Woods' English 2A: "The Voice from the Wall"

 3.
  • I don't know if the first paragraph was supposed to be humorous, but I laughed. It began so dramatically and ended with "Either that, or he died of influenza...". I realized that Lena St. Clair has a very big imagination when she began to describe the story of her great-grandfather's death from her own point-of-view. 
  • Was the beggar really a traitor? What did Lena's grandfather have to do with the death? What is the worst possible thing that can happen to you?
  • What was the "thing" in the basement? (I doubt that it was really a thousand-year-old man.)
  • I used to sometimes walk around the house with the same big eyes, the "scared" expression, thinking that my eyes would grow bigger, but I don't anymore. It was silly of me to try to change myself.

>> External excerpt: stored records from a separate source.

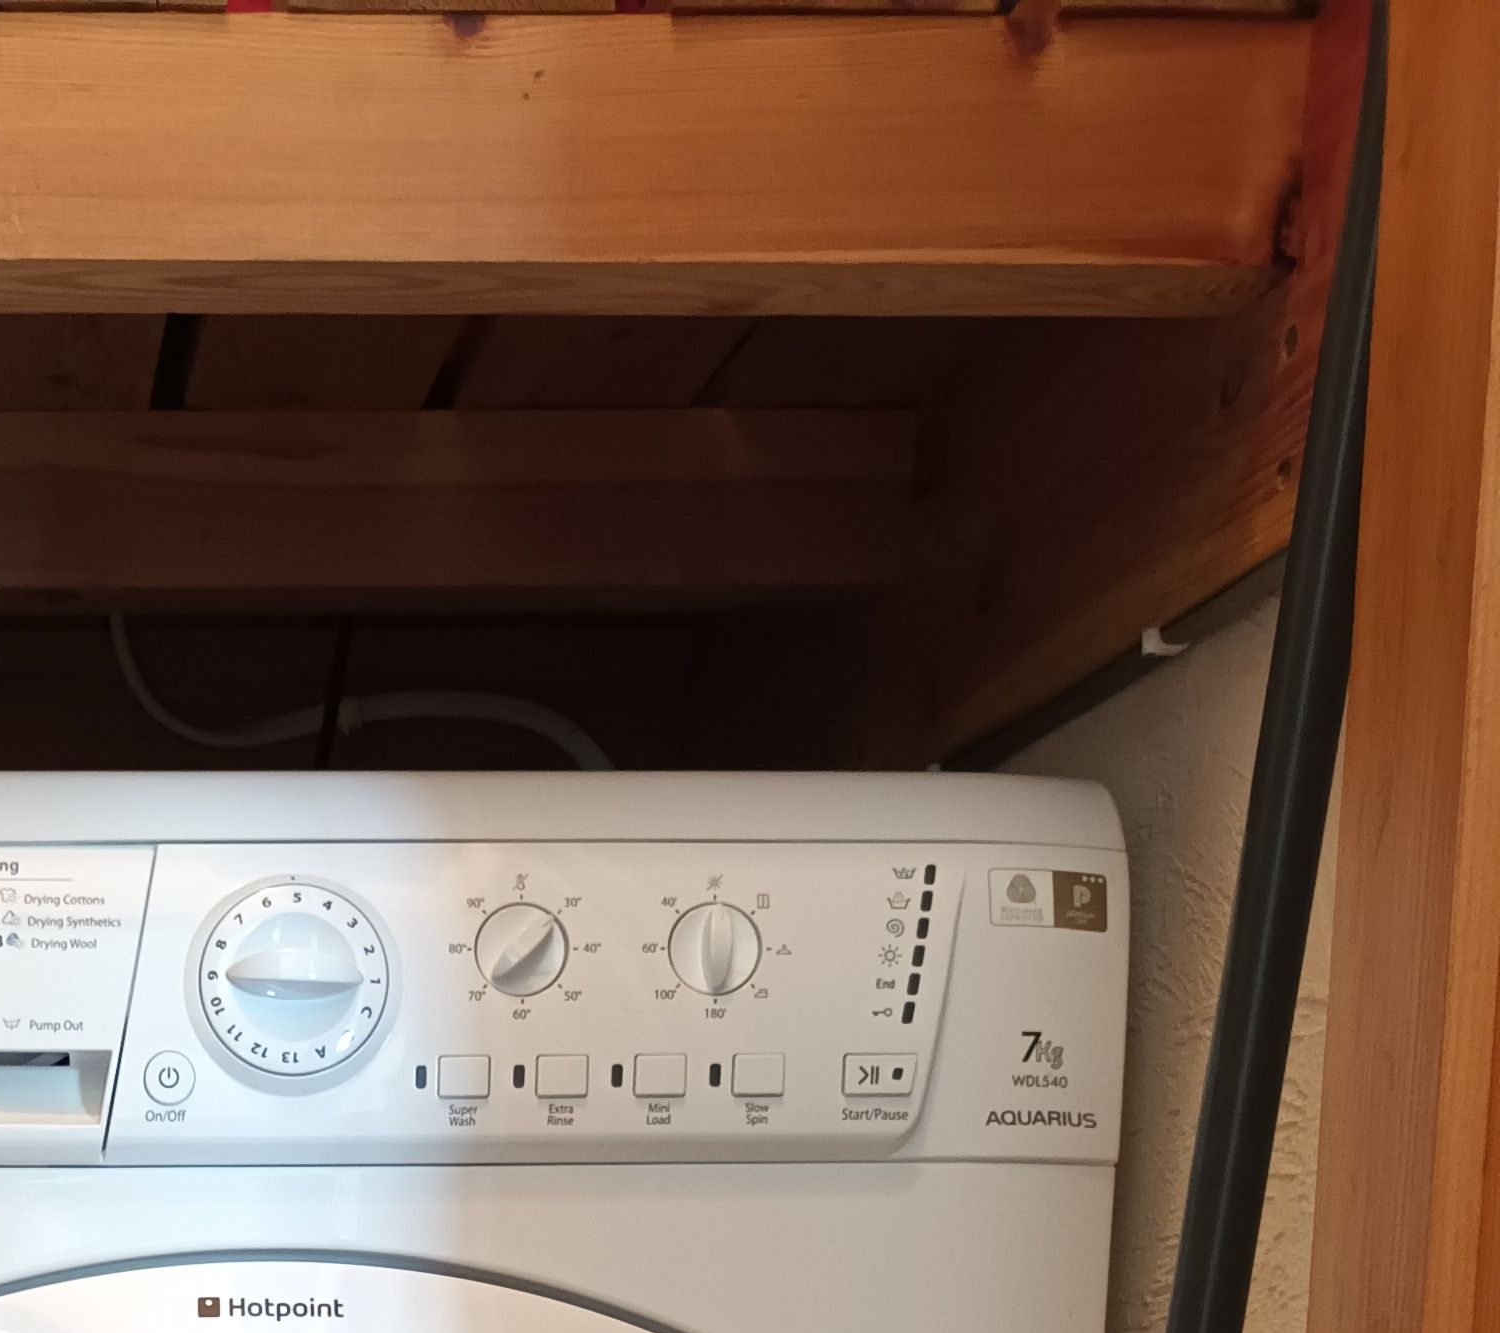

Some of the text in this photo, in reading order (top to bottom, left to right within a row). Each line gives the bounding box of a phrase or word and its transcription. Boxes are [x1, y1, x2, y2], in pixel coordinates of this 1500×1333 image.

[24, 895, 60, 907] Drying
[63, 895, 105, 905] Cottons
[262, 897, 272, 908] 6
[293, 892, 301, 903] 5
[322, 900, 333, 910] 4
[28, 916, 63, 929] Drying
[66, 916, 122, 929] Synthetics
[233, 913, 245, 925] 7
[347, 918, 358, 928] 3
[31, 938, 67, 951] Drying
[70, 938, 97, 949] Wool
[215, 939, 227, 950] 8
[363, 945, 375, 956] 2
[207, 970, 218, 980] 9
[370, 977, 380, 985] 1
[875, 978, 895, 990] End
[210, 996, 225, 1016] 10
[360, 1006, 373, 1019] C
[29, 1020, 61, 1033] Pump
[63, 1020, 83, 1031] Out
[226, 1024, 243, 1041] 11
[250, 1042, 268, 1058] 12
[314, 1045, 327, 1059] A
[281, 1051, 299, 1063] 13
[1012, 1074, 1068, 1089] WDL540
[449, 1104, 478, 1116] Super
[548, 1104, 574, 1114] Extra
[648, 1103, 670, 1114] Mini
[745, 1102, 769, 1113] Slow
[145, 1110, 187, 1122] On/Off
[547, 1115, 574, 1126] Rinse
[646, 1114, 671, 1125] Load
[746, 1114, 768, 1126] Spin
[841, 1108, 909, 1121] Start/Pause
[985, 1110, 1097, 1128] AQUARIUS
[449, 1116, 476, 1126] Wash
[229, 1297, 344, 1321] Hotpoint
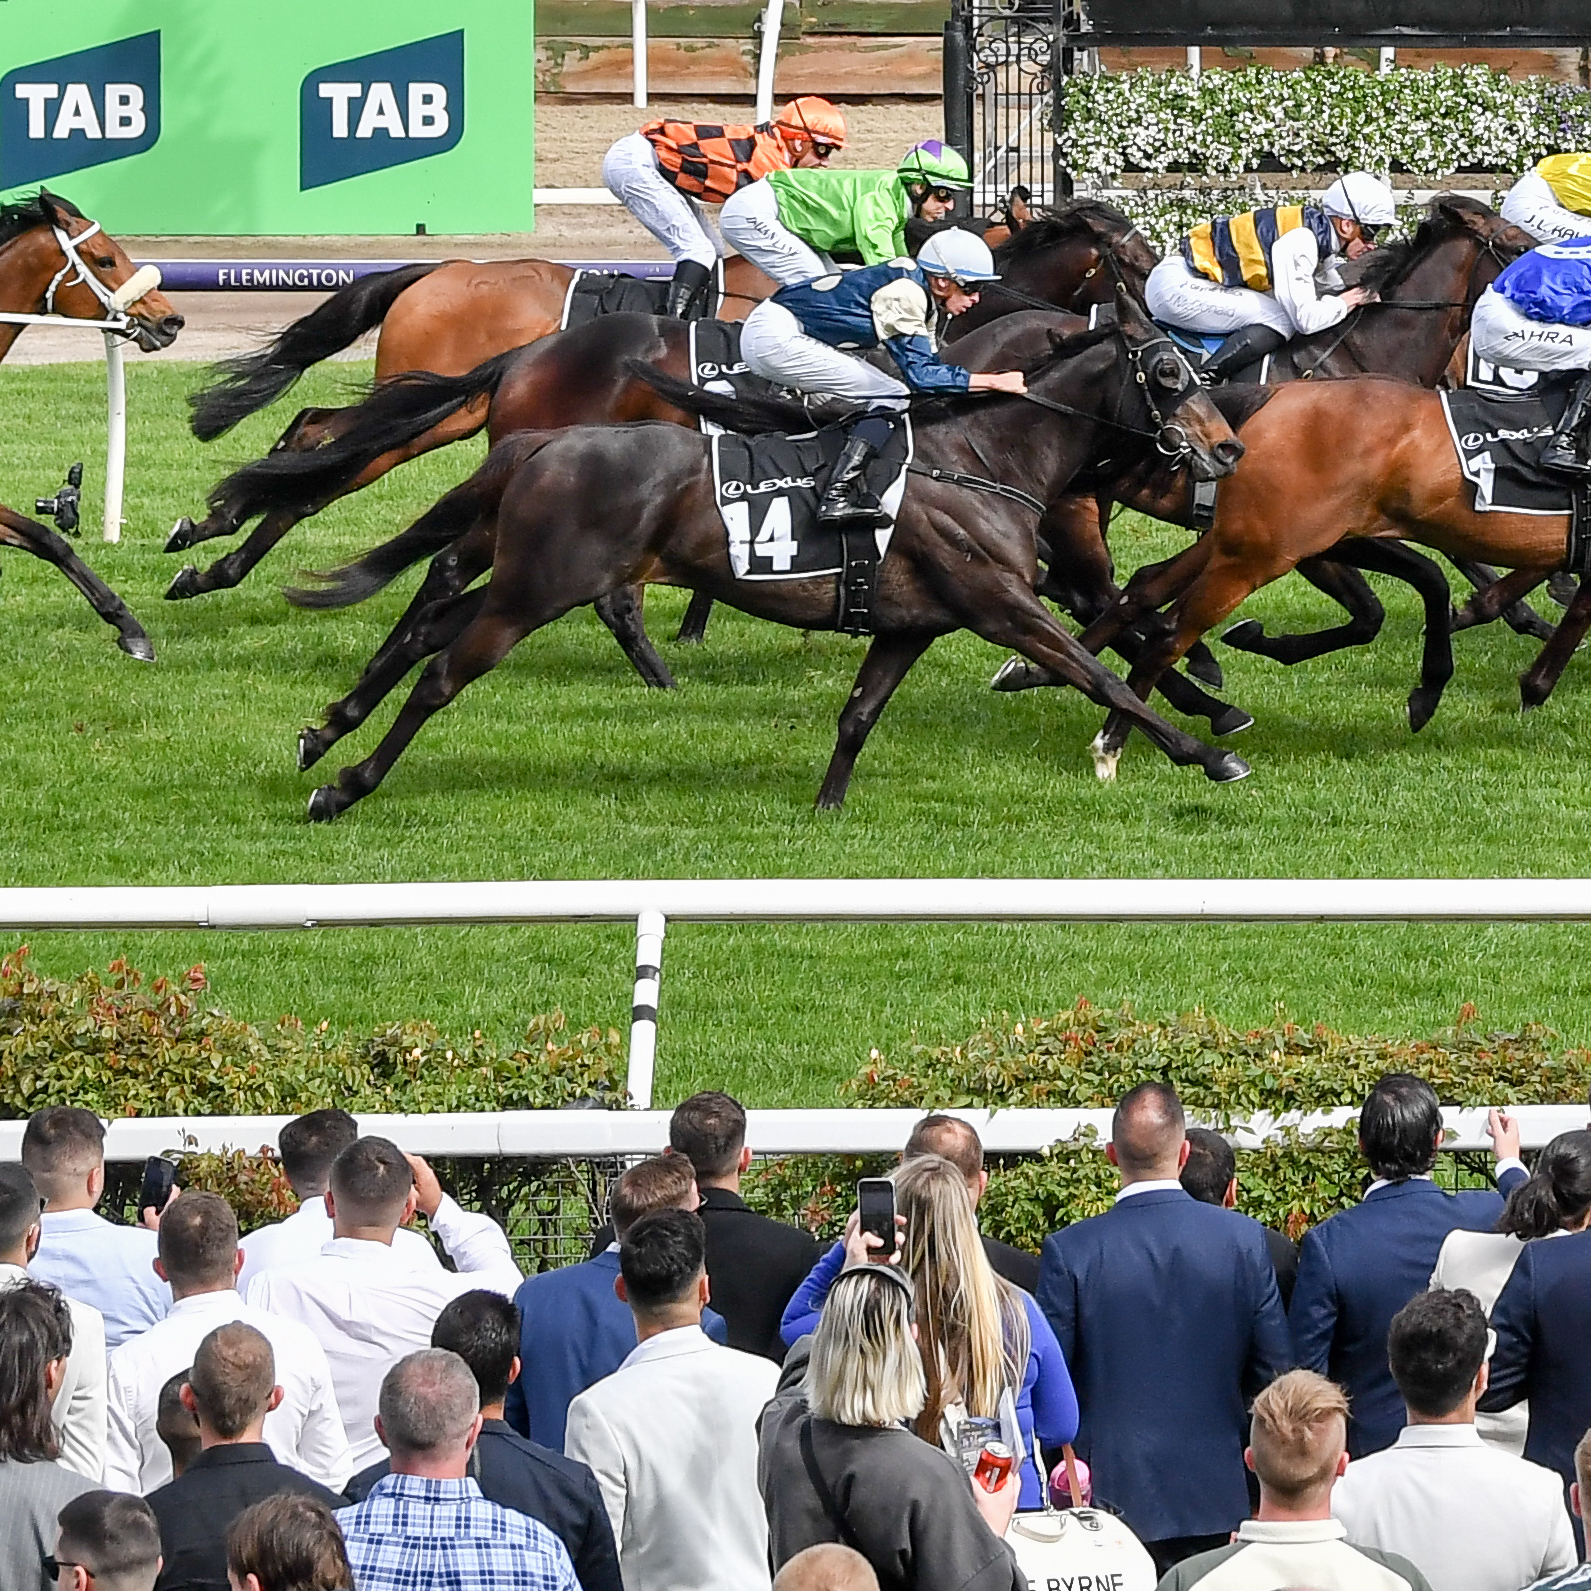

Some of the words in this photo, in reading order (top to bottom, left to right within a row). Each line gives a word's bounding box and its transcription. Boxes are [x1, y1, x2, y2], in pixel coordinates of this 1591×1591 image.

[14, 83, 147, 139] TAB
[318, 82, 450, 139] TAB
[218, 268, 354, 287] FLEMINGTON
[746, 476, 816, 494] LEXUS
[720, 495, 798, 571] 14

  • Wow, Lena's mother saw danger in everything, just like Lena. I wonder if this is an inherited trait?
  • What's with Lena's mom and the dangers of making babies? Was that what happened to her: Lena's dad made Lena's mom have Lena? Maybe so, but Lena's dad seems really nice from what I know. What if Lena's mom got into some sort of trouble on the streets and accidentally got pregnant and was rescued from her single-parent life by Lena's dad?
  • Whoa, was Lena's mom afraid of being sexually harassed by a man on the streets or something? She didn't even try to protect her daughter! Just herself!

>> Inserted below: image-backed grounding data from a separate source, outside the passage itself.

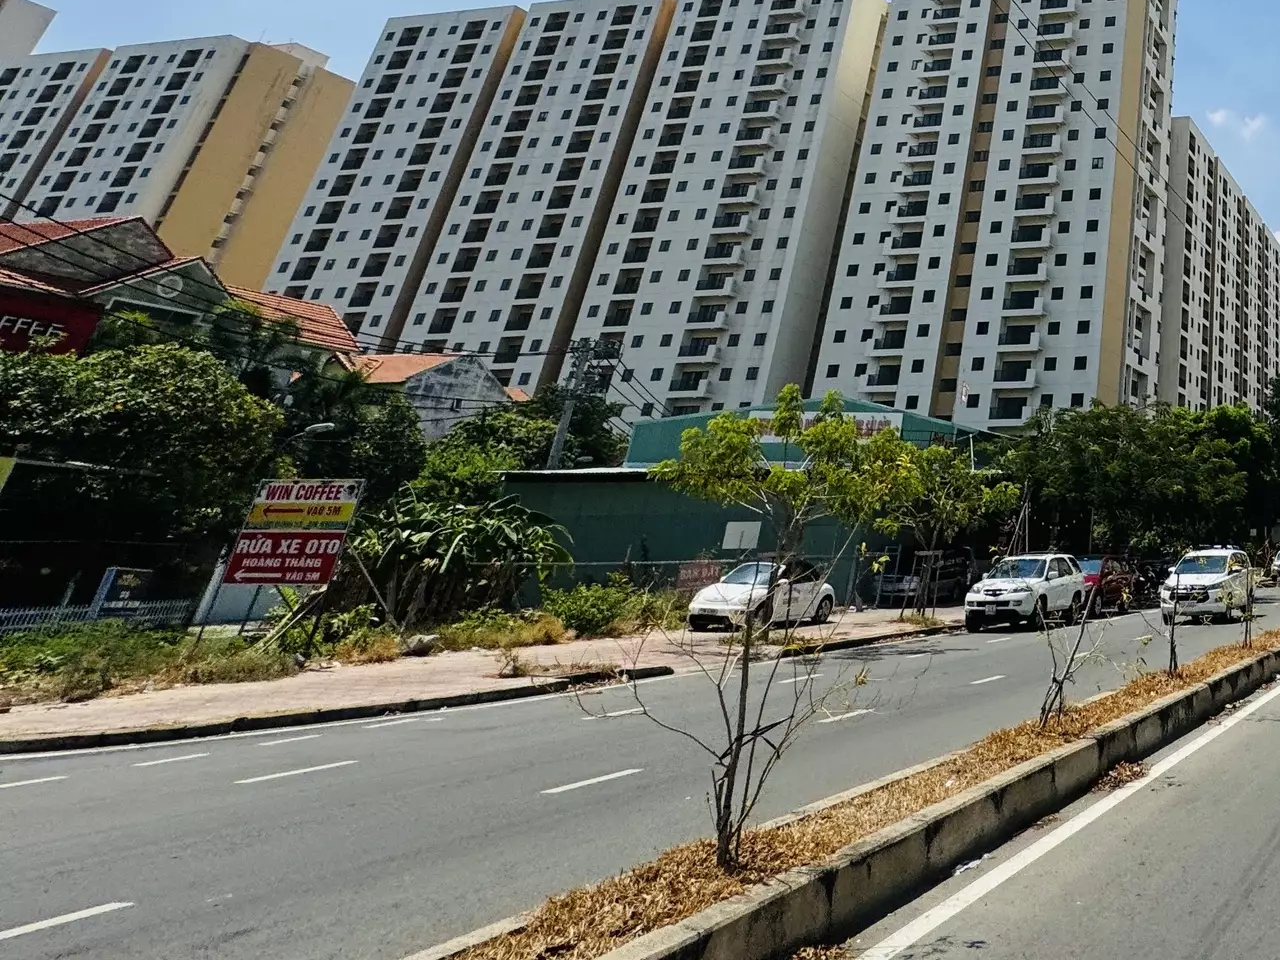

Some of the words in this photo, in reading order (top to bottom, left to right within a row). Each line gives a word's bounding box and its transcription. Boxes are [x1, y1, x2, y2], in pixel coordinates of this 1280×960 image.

[266, 484, 295, 501] WIN
[295, 484, 345, 501] COFFEE
[325, 505, 342, 516] 5M
[275, 539, 303, 554] XE
[304, 571, 321, 581] 5M

  • Did Lena's mother even want the baby? Why did she keep bumping into corners with her stomach?
  • Although Teresa, the neighbor girl, fights with her mom a lot, the arguments are filled with family love and compassion. Lena and her mom have never fought before, but somehow, their relationship is distant and cold, misunderstanding and somewhat unrelated. It's ironically weird.

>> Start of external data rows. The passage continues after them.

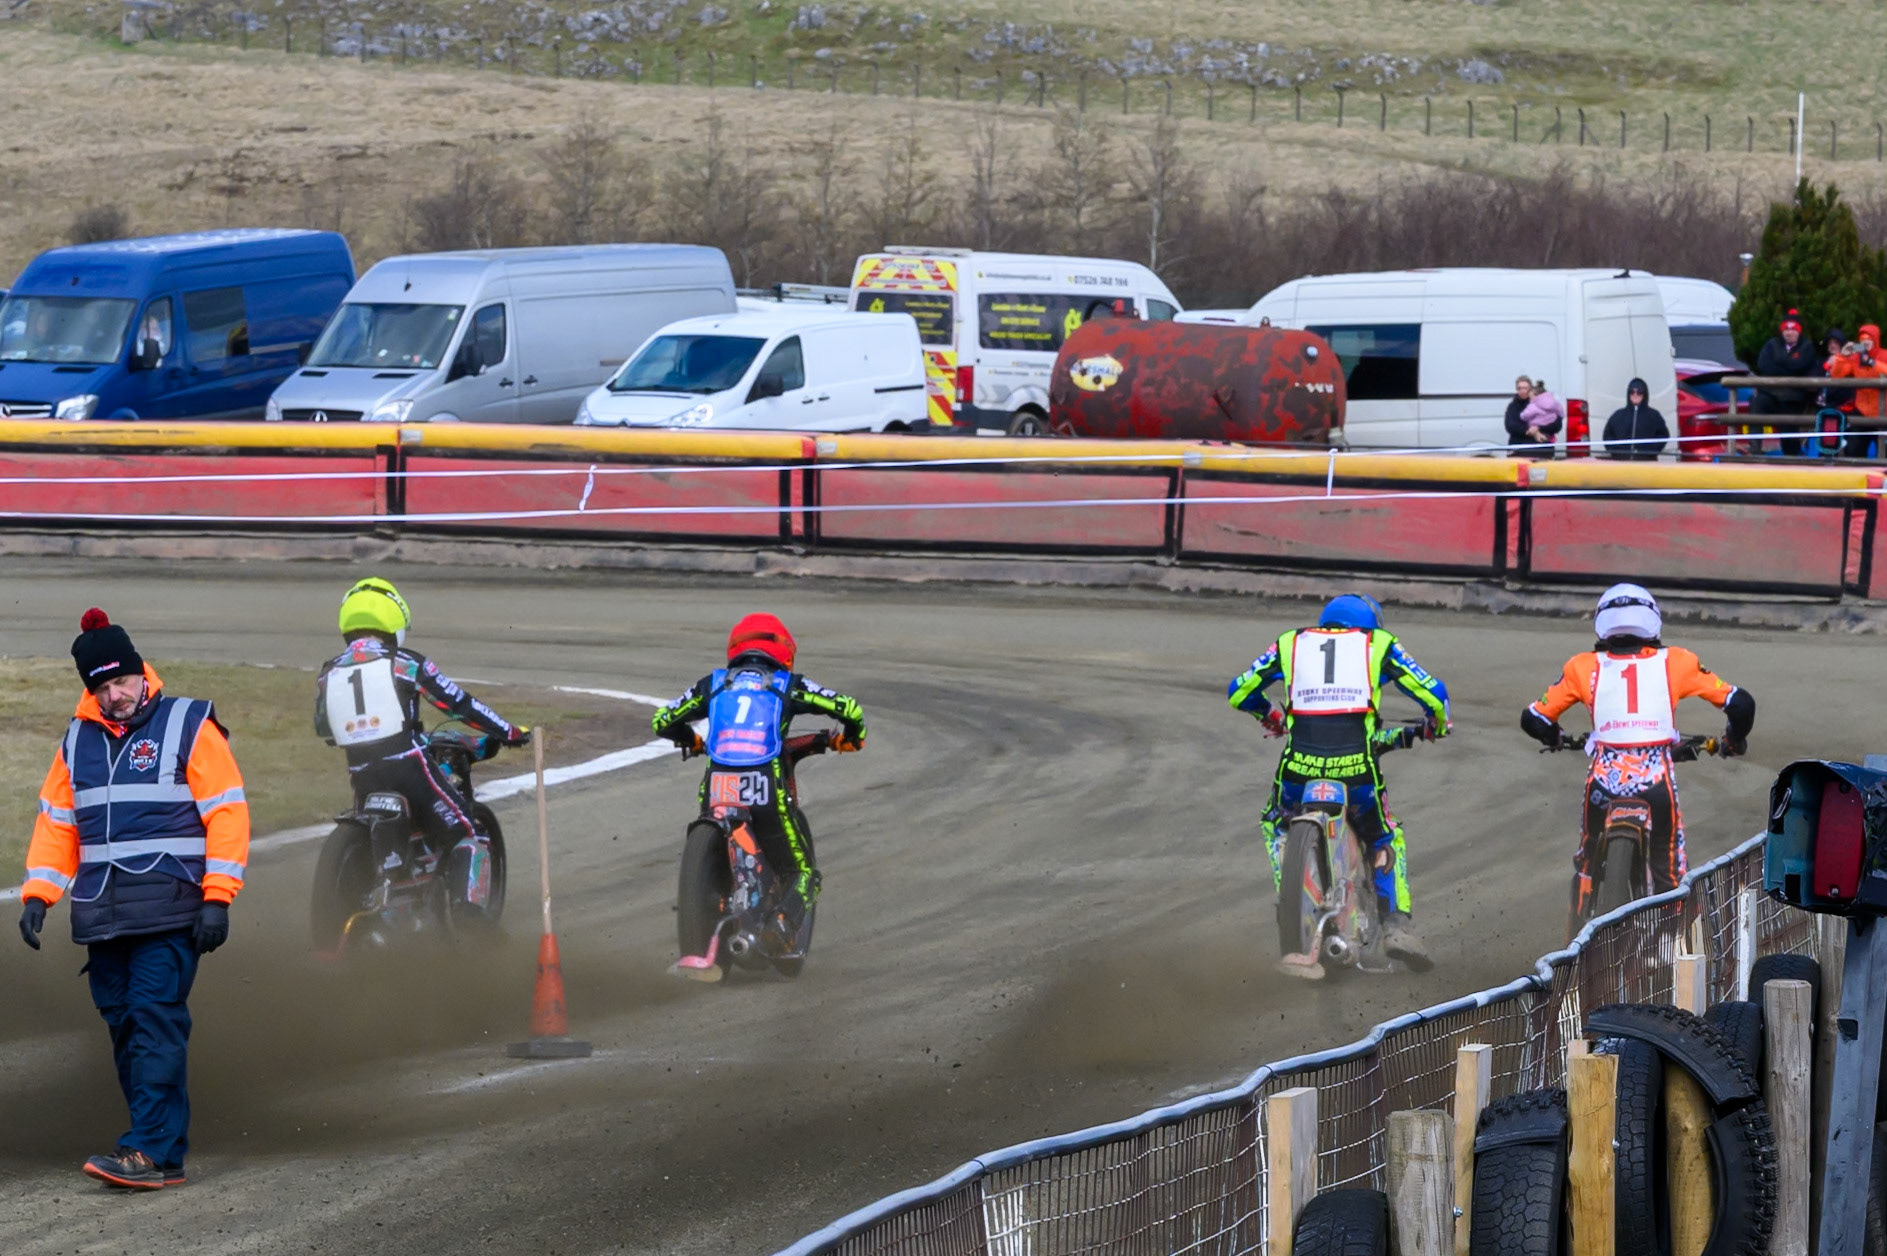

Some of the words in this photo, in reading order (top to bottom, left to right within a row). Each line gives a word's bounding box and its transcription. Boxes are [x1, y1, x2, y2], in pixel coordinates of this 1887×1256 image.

[1320, 638, 1336, 684] 1
[347, 668, 366, 716] 1
[1322, 687, 1363, 696] SPEEDWAY
[1621, 663, 1638, 714] 1
[734, 695, 752, 724] 1
[1287, 760, 1322, 777] BREAK
[1324, 763, 1367, 778] HEARTS
[1293, 751, 1325, 768] MAKE
[1325, 752, 1365, 768] STARTS

  • Wow, Lena's mother really needs to go see a therapist. She's kind of freaking me out.
  • I didn't quite understand the ending. Was Lena imagining her relationship with her mother when she would finally have the courage to "pull her through the wall"? 
4. I CHOOSE TERESA! When her mom kicked her out of the house, she simply walks to Lena's house and uses her fire escape to climb back into her room. This reveals that she is, indeed, a rebellious one. Along with that, she is very confident in the fact that her mother will forgive her. She knows the relationship with her mother is strong, that they go through these "fights" just for the heck of it and forgive each other in the end. I admire her strength and self-confidence.

5. I'm not sure of the conflict because my brain was very confused in this chapter, but I think the main conflict is an internal one, man vs. self, Lena vs. her imagination. Lena was born with a big imagination, but it developed and expanded even further as she grew. However, Lena's mind is not filled with unicorns and rainbows but with gore and torture. Throughout the chapter, she struggles with reality and figments of her imagination, where she always makes the worst out of situations, but discovers the not-so-bad truth. I think Lena is afraid of going forward in life; yet, her imagination makes everything worse than they seem. In the end, her mom leaves her in a state of depression, making reality worse than her imagination...turning her imagination into her savior, away from reality.

6. Otay, I'm going to focus on Amy Tan's writing technique of mood, especially in the beginning. The word choice (sharp, whittle, broken, jagged) made the opening really creepy. I was somewhat scared and confused at the same time, but it made me anticipate the mood of the chapter to be gory and bloody.